Maine Sportsman November 2025 Vermont Column “Deer Camp”
- Matt Breton
- Jan 15
- 4 min read

My buddy Dan and his brother Ryan went in together to buy a camp tucked into VT’s Northeast Kingdom. There’s some risk since it’s on leased land, and that isn’t a sure thing, but overall, I rate it as a good idea with kids that are 11 and 14. I got to check it out and do a little bird hunting nearby; it’s in a nice location. Beyond being just a good spot to hunt from, there is a romance to deer camps that makes me excited to see these two good fellows and their families get a deer camp of their own.
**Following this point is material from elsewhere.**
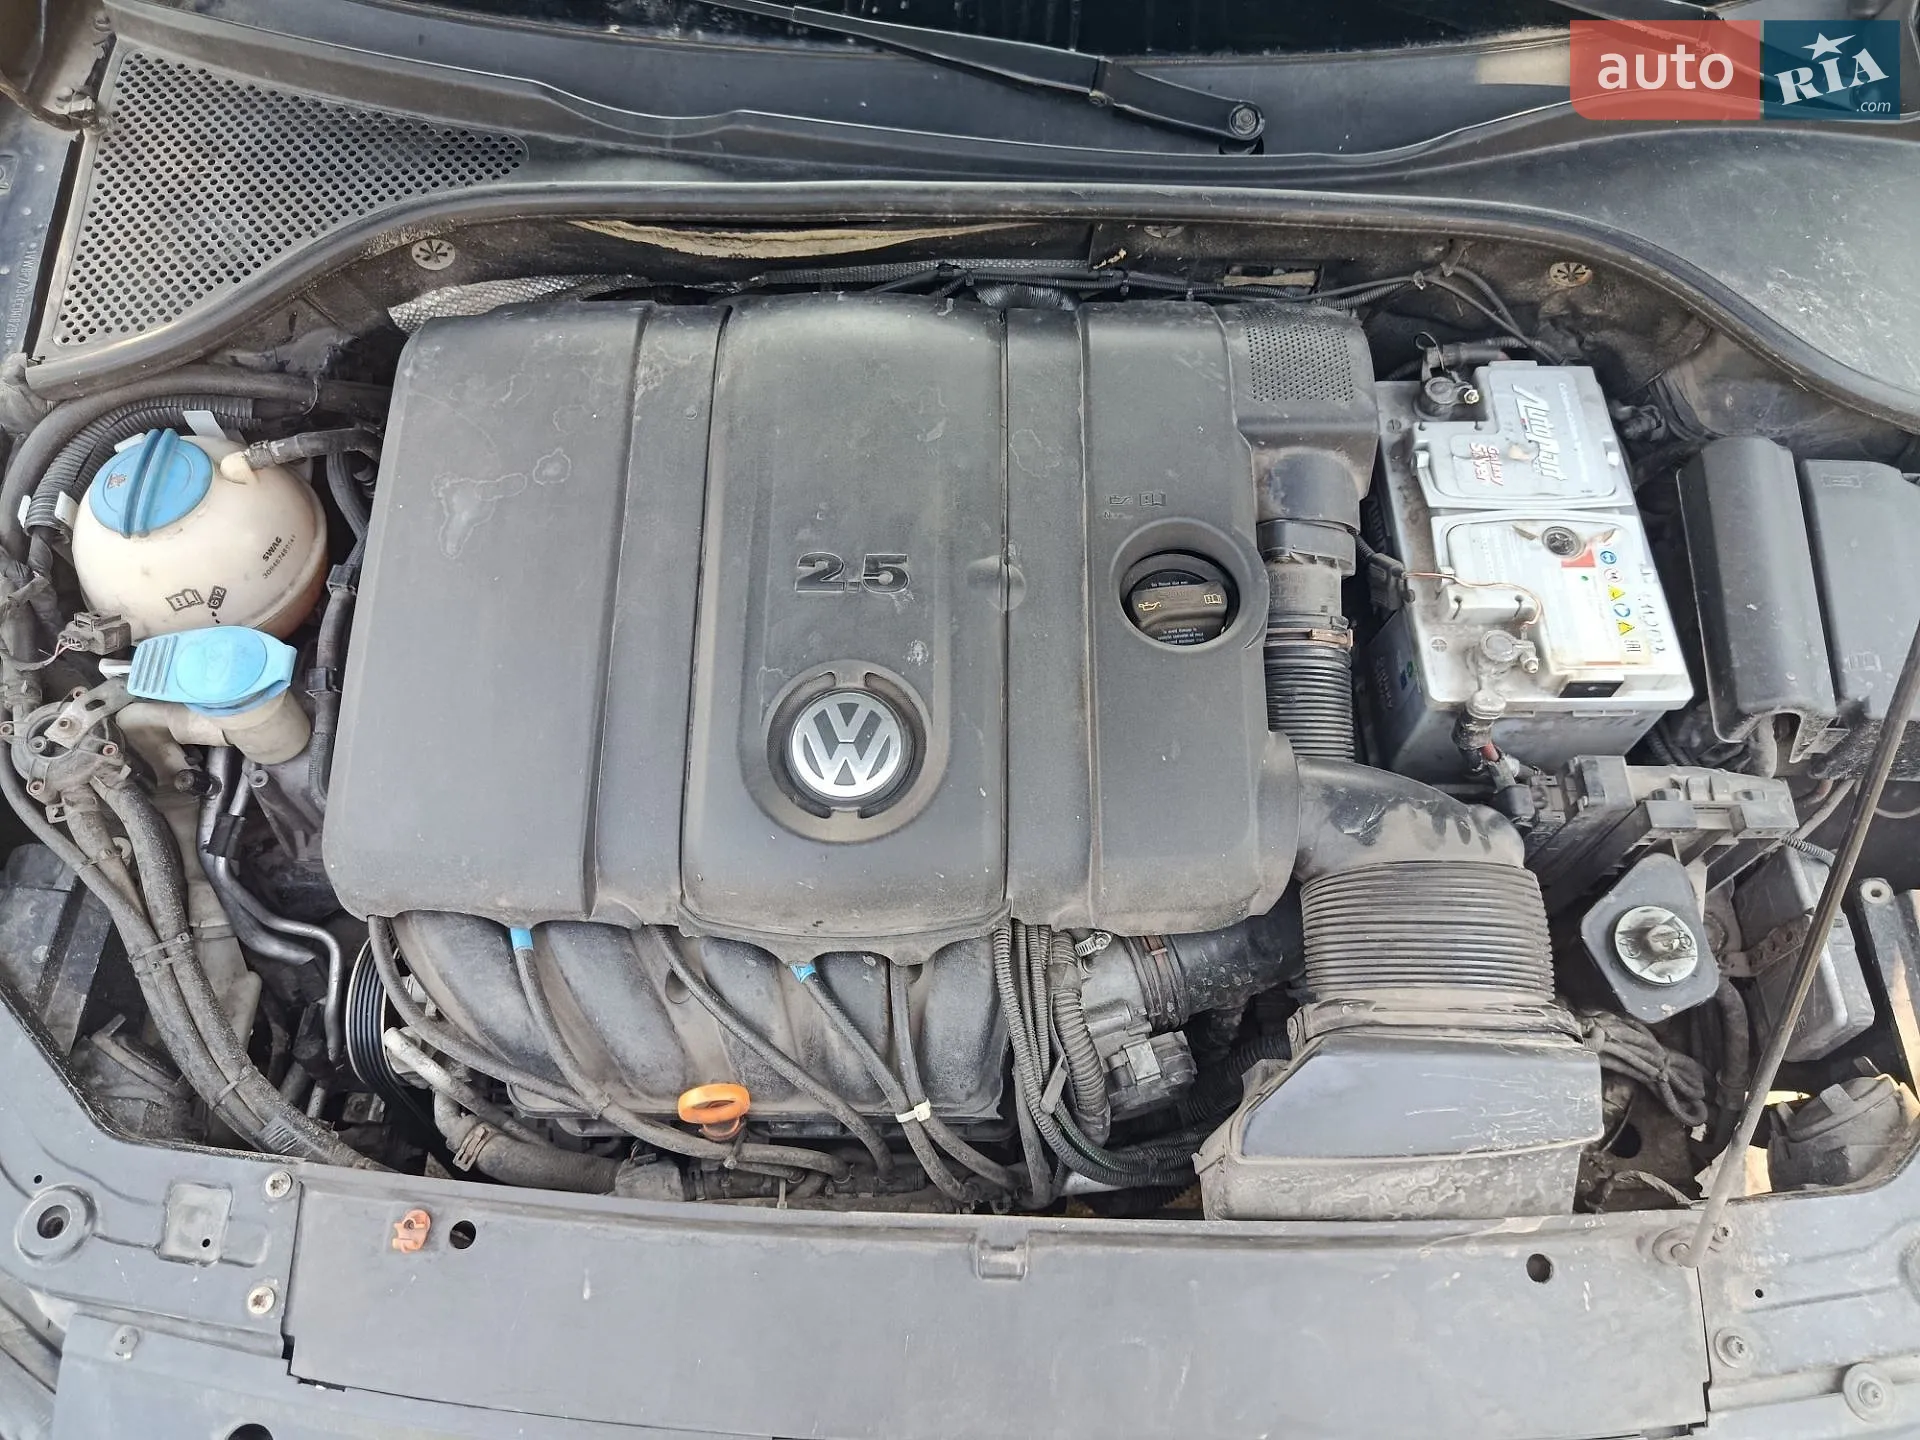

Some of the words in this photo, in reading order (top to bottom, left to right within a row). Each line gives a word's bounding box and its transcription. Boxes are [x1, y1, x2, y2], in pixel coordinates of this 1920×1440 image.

[262, 536, 282, 562] SWAG
[795, 552, 910, 594] 2.5
[211, 587, 226, 607] G12
The camp has been around a long time, originally one of the camps the timber company used in the area. The previous owners had it for decades and started to age out of being there, so decided to sell. It’s basically one room, heated with a woodstove, no plumbing, no electricity. It has a couple of sets of bunks and a table with a few chairs. The kitchen has cabinets and shelving, with a counter to do a little work. The ceilings are low, which in my experience leads to a top bunk that will be wildly hot when you go to bed at night and is exactly the opposite in the morning if no one got out of their sleeping bag to keep the fire going.
Romance
The best camps I’ve been to are like this one. A touch rough around the edges with the comfort baked in. They exist for a purpose and provide what is needed for that. Entertainment, rather than on a screen, usually comes in the form of a deck of cards or a conversation debating the finer points of scrapeline versus rubline hunts, among other important topics. There is usually a hint of stale wood smoke with a touch of mouse in the air. These places require some work to stay, work that is best done by everyone pitching in to gather water, keep the wood box full, and collectively accomplish the basics. I’ve come to realize, and appreciate, that there is a romance to these places and the things we do there. Lost in the glare of social media chest-pounding and YouTube heroes tracking bucks and shooting bulls on camera, I feel like there is a generation of hunters who have not experienced the romance of the simple life of being at camp and hunting from there.
My father and I rode into a backcountry wall tent elk camp in WY more than a decade ago and the guide spoke proudly that someone from a century ago could ride in there and recognize everything that was happening. A generator is handy, but the quiet hiss and snap of a wood stove in a darkening camp will sooth the soul. A four-wheeler may get you there faster, but a horseback ride in front of a string of mules will be a dream come true. That cell-phone trail camera picture will let you know he’s in your food plot, but that won’t replicate the skill it takes to still-hunt into his bedroom. Sure, there are often better places to hunt, and more effective ways to get something done, but I’m less and less convinced those things add any real value. To some degree this is a case of shifting baselines, and I acknowledge that what I consider an old way of doing things was a new way of doing them 50+ years ago.
Hope
Aldo Leopold said that, “There are two spiritual dangers in not owning a farm. One is the danger of supposing that breakfast comes from the grocery, and the other that heat comes from the furnace.” I think the same dangers lurk in not being a hunter. A deer hunter without a camp to make memories in is only slightly less spiritually fraught; there is a whole side of the hunting way of life missing. In our modern society, we need anchor points that hold us in place as things drift toward what is called progress. Mr. Leopold’s quote urges us to understand the depth of a thing and appreciate where it comes from. Hunting camps have deepened my understanding of what it takes to exist in the world as it is, without the technological crutches that both support and suppress us.
The November woods are gray and stunning. The days can be short and the miles long. We’re lucky to be out there, in it, seeing and doing things a large chunk of our society simply has no idea about. If you’re lucky enough to have a camp, I urge you to strike out from there on foot and leave some of the trappings of this messy modern world behind. While we wander to fill our freezers, it is my hope that we each take a moment to lean into the full romance of our pursuit and feel the wonder fill our souls.